FLÁVIA MANTOVANI E RAFAEL BALAGO
SÃO PAULO, SP (FOLHAPRESS) – A Polícia Federal realizou nesta quinta (31) duas operações contra uma rede de contrabando de pessoas acusada de enviar, há pelo menos cinco anos, milhares de imigrantes do sul da Ásia clandestinamente para os EUA, passando pelo aeroporto internacional de Guarulhos.
As operações, as maiores já feitas no Brasil para esse tipo de crime, são parte de uma cooperação internacional com os EUA e ocorreram simultaneamente em 20 países da América do Sul e Central, resultando na intensificação do controle migratório ao longo da rota.
Oito foram presos temporariamente, e 18 mandados de busca e apreensão foram cumpridos em São Paulo, Embu das Artes (SP), Taboão da Serra (SP) e Garibaldi (RS). Também foi feito o bloqueio de 42 contas bancárias.
Os detidos são cinco bengaleses e três paquistaneses. A PF aponta como líder da quadrilha o bengalês Saifullah Al Mamun, que está no Brasil ao menos desde o fim de 2013 e é dono de agência de turismo e de mercado no Brás, região central de SP. Segundo a PF, ele é considerado pelo ICE (órgão responsável pelo controle de fronteiras dos EUA) o maior contrabandista de pessoas do mundo a levar imigrantes para o território americano.

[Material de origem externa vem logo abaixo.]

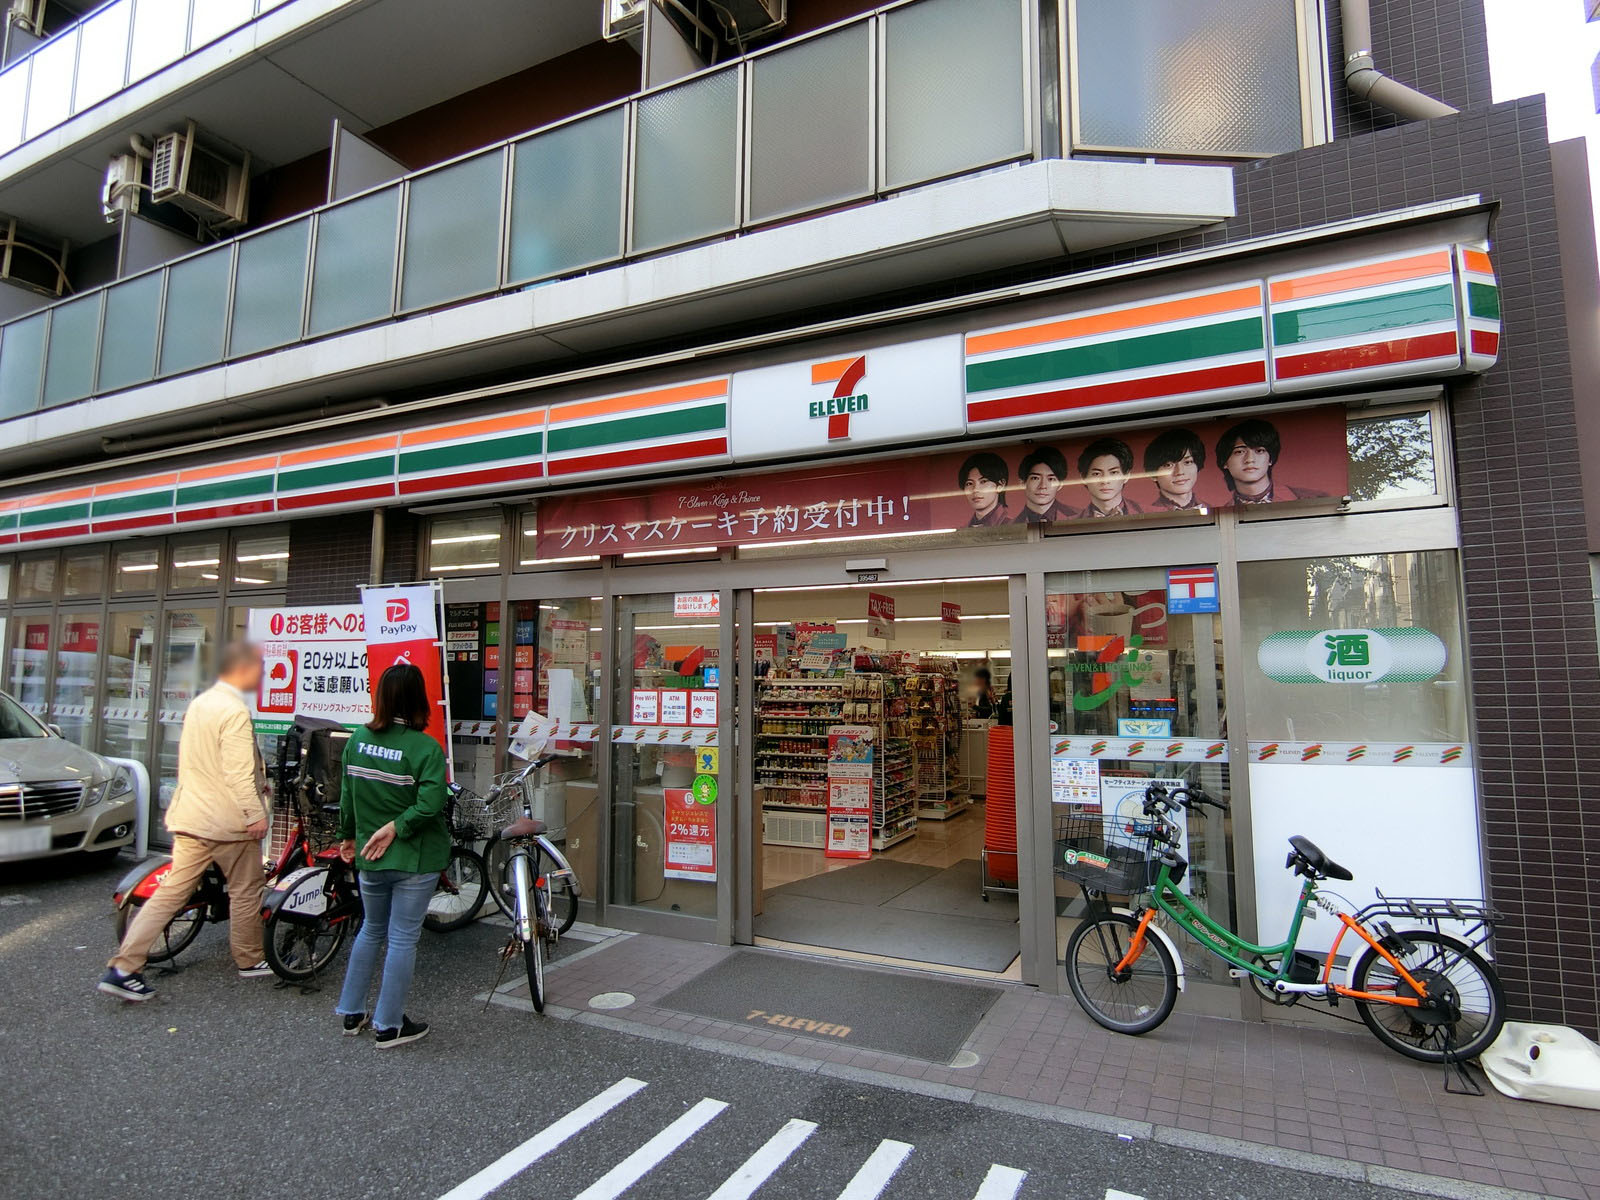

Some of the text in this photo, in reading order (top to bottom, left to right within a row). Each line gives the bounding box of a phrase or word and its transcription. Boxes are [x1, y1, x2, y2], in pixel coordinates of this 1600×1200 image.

[870, 599, 894, 615] TAX-FREE
[380, 624, 417, 635] PayPay
[1324, 633, 1370, 667] 酒
[1327, 669, 1372, 681] liquor
[670, 823, 710, 837] 2%還元
[289, 885, 322, 909] Jump!

De acordo com a investigação, os suspeitos cobravam cerca de R$ 47 mil para levar, todo mês, centenas de estrangeiros para os EUA. A maioria vinha de cinco países: Afeganistão, Bangladesh, Índia, Nepal e Paquistão. A PF identificou cerca de 500 vítimas, das quais 84 foram detidas nos Estados Unidos por não terem documentos. Entre elas, havia menores de idade, inclusive desacompanhados.
Segundo o delegado Milton Fornazari Jr., nos cerca de 90 dias que levavam até até os EUA, eles eram submetidos a vários riscos, de afogamentos a sequestros -a PF diz que oito bengaleses sequestrados em junho deste ano por cartéis de drogas na fronteira com os EUA saíram do Brasil enviados por essa quadrilha.
A operação também constatou que, durante o tempo em que permaneceram em São Paulo, os imigrantes sofriam maus-tratos, como cárcere privado e agressões físicas e psicológicas. Nas buscas nesta quinta, foram encontrados entre cinco e sete imigrantes em uma casa em São Paulo, que foram encaminhados para prestar depoimento.
As operações foram batizadas de Estação Brás, em referência ao bairro onde ocorreria a atuação do grupo, e Bengal Tiger, em referência à origem de parte dos imigrantes.
Segundo a apuração, o grupo movimentou no Brasil, de 2014 a 2019, ao menos US$ 10 milhões (R$ 41 milhões), que passaram por diversas técnicas de lavagem de dinheiro.
Além dos oito detidos, um advogado brasileiro é suspeito de participar do esquema, fazendo petições de refúgio para as vítimas no Brasil e acompanhando seu desembarque. Ele foi alvo de busca e apreensão. Outro brasileiro que trabalha no consulado do Equador e um bengalês que teria papel minoritário na organização também são suspeitos.
Os inquéritos foram iniciados em maio de 2018, após cooperação com o ICE.
A investigação da PF apontou que o grupo providenciava para os imigrantes solicitações de refúgio ou documentos de viagem falsos (passaportes, vistos e cartas de tripulantes marítimos). Com esses documentos, eles viajavam de avião até o aeroporto de Guarulhos. Após serem recebidos pela organização criminosa, seguiam para Rio Branco, onde atravessavam a fronteira com o Peru e prosseguiam por terra até a fronteira do México com os EUA.
Segundo a polícia, os indícios apontam que os contrabandistas identificados em São Paulo dominavam toda a rota de viagem, por meio do contato com outros associados em todos os países.
Os investigados responderão por contrabando de migrantes, lavagem de dinheiro e organização criminosa, com penas de 3 a 10 anos de prisão, além de outros delitos.
Em agosto deste ano, a PF deflagrou a operação Big Five, que também teve como alvo o contrabando de pessoas que vinham da África para os EUA. “São duas rotas diferentes: uma do leste africano e outra do sul da Ásia. Ambas envolvem São Paulo como a principal porta de entrada no continente”, diz Fornazari.